> **Task description**: Write the records out exactly as they read, but not the pictures.

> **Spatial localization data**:
--- START ---
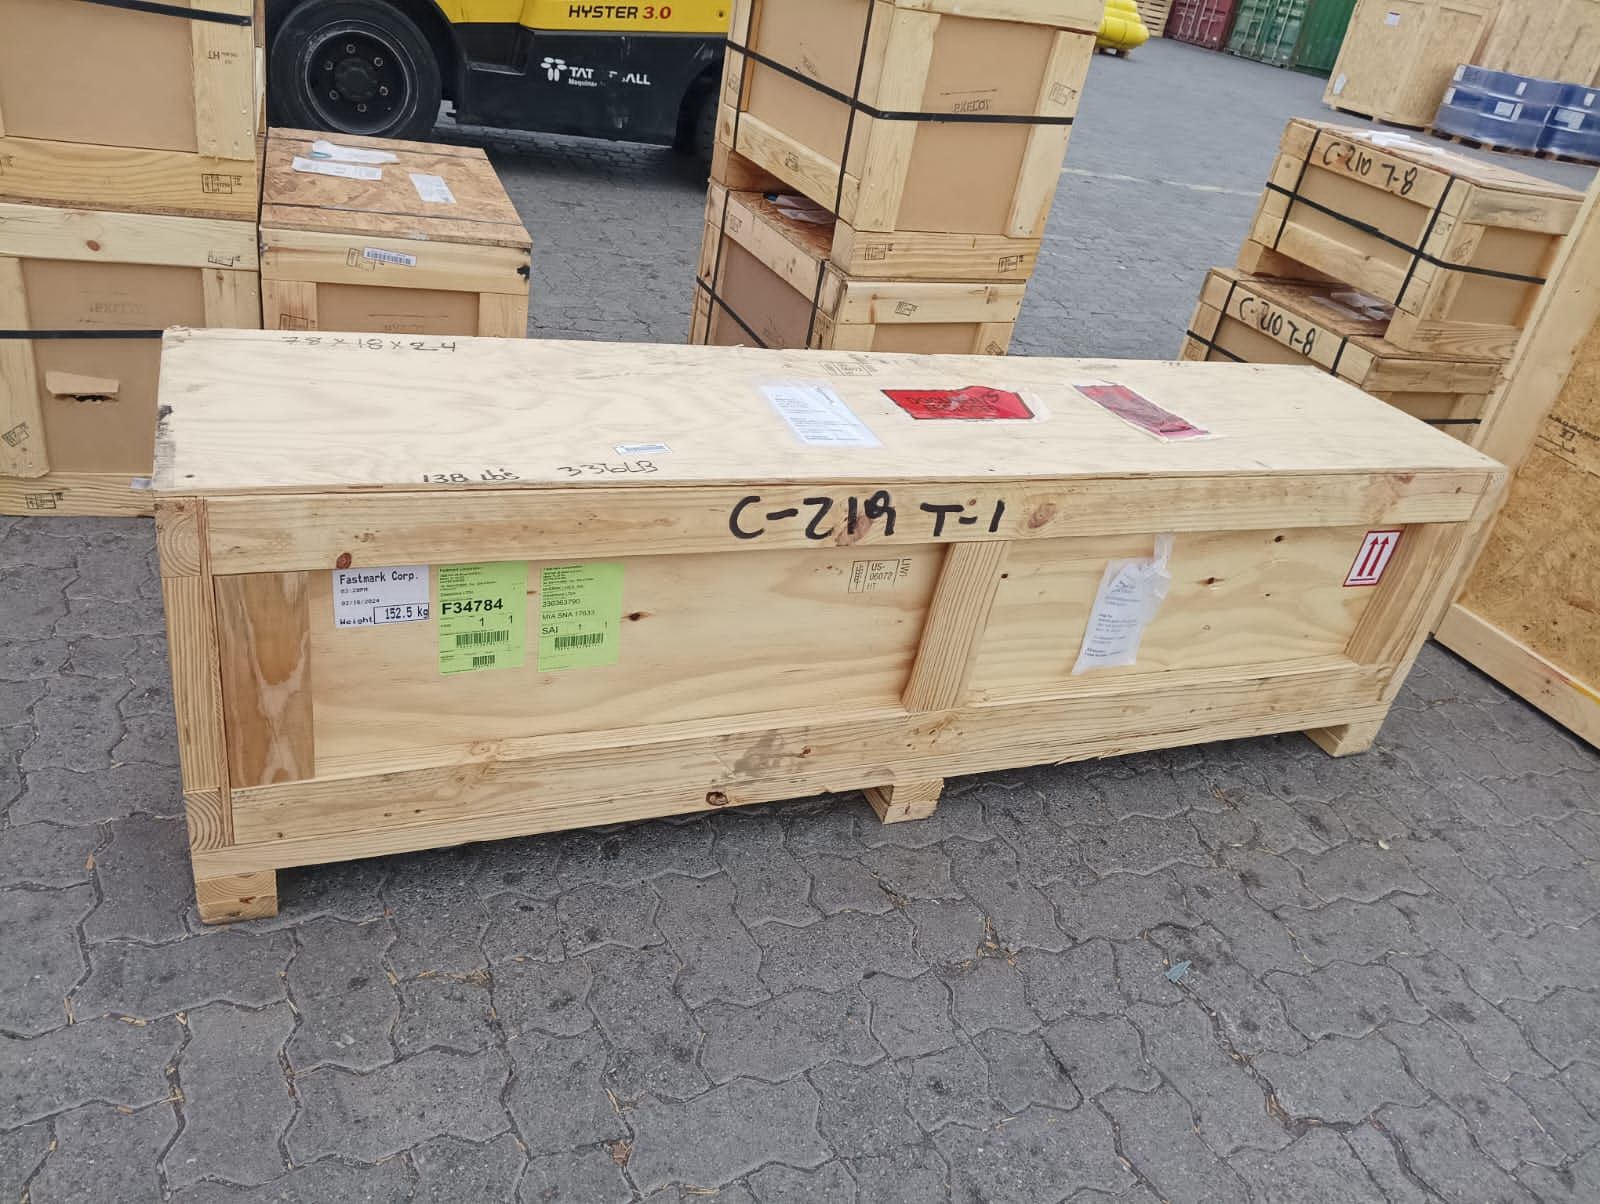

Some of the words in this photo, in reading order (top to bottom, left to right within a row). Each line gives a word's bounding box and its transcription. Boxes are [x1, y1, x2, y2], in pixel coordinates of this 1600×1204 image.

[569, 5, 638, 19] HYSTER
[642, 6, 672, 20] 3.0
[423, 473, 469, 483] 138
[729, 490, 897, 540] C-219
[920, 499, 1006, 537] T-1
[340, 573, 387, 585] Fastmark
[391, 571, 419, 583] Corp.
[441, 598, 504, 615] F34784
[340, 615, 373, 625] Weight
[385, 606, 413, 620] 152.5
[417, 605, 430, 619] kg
--- END ---
> **Exercise answer**:
Some of the words in this photo, in reading order (top to bottom, left to right within a row). Each line gives a word's bounding box and its transcription. Boxes are [x1, y1, x2, y2], in pixel coordinates of this 1600×1204 image.

[569, 5, 638, 19] HYSTER
[642, 6, 672, 20] 3.0
[423, 473, 469, 483] 138
[729, 490, 897, 540] C-219
[920, 499, 1006, 537] T-1
[340, 573, 387, 585] Fastmark
[391, 571, 419, 583] Corp.
[441, 598, 504, 615] F34784
[340, 615, 373, 625] Weight
[385, 606, 413, 620] 152.5
[417, 605, 430, 619] kg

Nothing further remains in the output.